Die Kur mit dem Mausfell
Eine Grafschafter Anekdote von Leo Stausberg
Einfältige Tröpfe gibt es wohl in jedem Dorf. Den Pfiffigen sind sie willkommene Zielscheibe für billigen Spott und derben Scherz.
Antünnche war ein solcher Simpel, an dessen geistiger Beschränktheit, die zudem mit körperlicher Armseligkeit gepaart war, Taugenichtse im Grafschafter Kirchspiel Ringen ihr Mütchen kühlten. Das Dröck, seine verstorbene Mutter, hatte ihm eine baufällige Hütte mit wurmstichigem Inventar hinterlassen.
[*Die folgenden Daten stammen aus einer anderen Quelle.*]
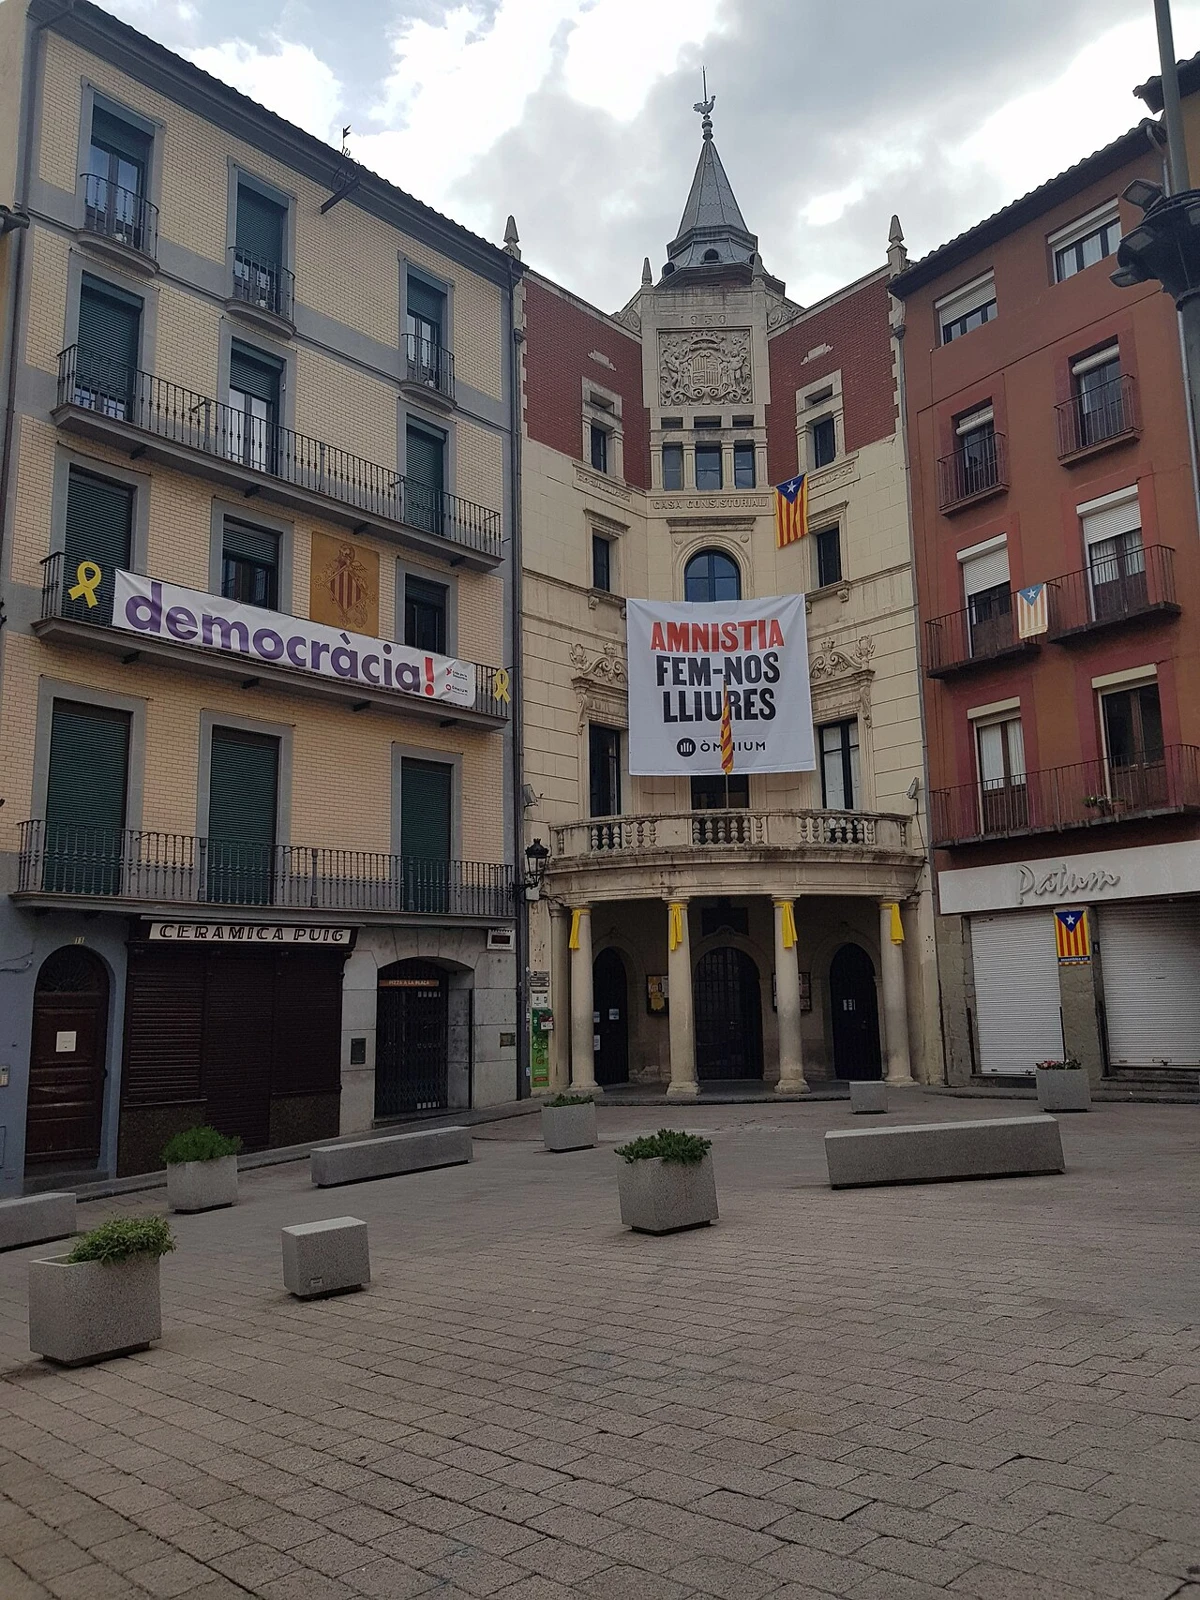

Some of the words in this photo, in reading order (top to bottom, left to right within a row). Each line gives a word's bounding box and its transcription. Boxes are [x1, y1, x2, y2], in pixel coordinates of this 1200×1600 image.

Dort hauste der Einfältige mit einem struppigen mageren Kater, dem er nicht einmal einen Namen zu geben vermocht hatte.
Zwei schon ergraute Dorfsünder, der hinkende Kreß und der einäugige Weilern, hatten ihren Spaß mit dem Antünnche. An den langen Winterabenden lockten sie ihn zum Kartenspiel in die rauchige Dorfschenke, wo sie bei „Kloare“ und Dünnbier mit abgenutzten Karten einen Skat kloppten. Antünnche verstand davon soviel wie eine Kuh vom Sonntag. Manchmal ließen sie ihn großmütig einen „Jrang“ gewinnen; öfter verlor er seinen letzten Silbergroschen, den er dann weinend auf den Tisch warf. Sie trösteten ihn scheinheilig, traktierten irm mit Fusel und schleppten den Trunkenen auf seinen Strohsack, wo er den Rausch ausschlief, indes der Kater schnurrend auf den gichtigen Beinen seines Herrn kauerte.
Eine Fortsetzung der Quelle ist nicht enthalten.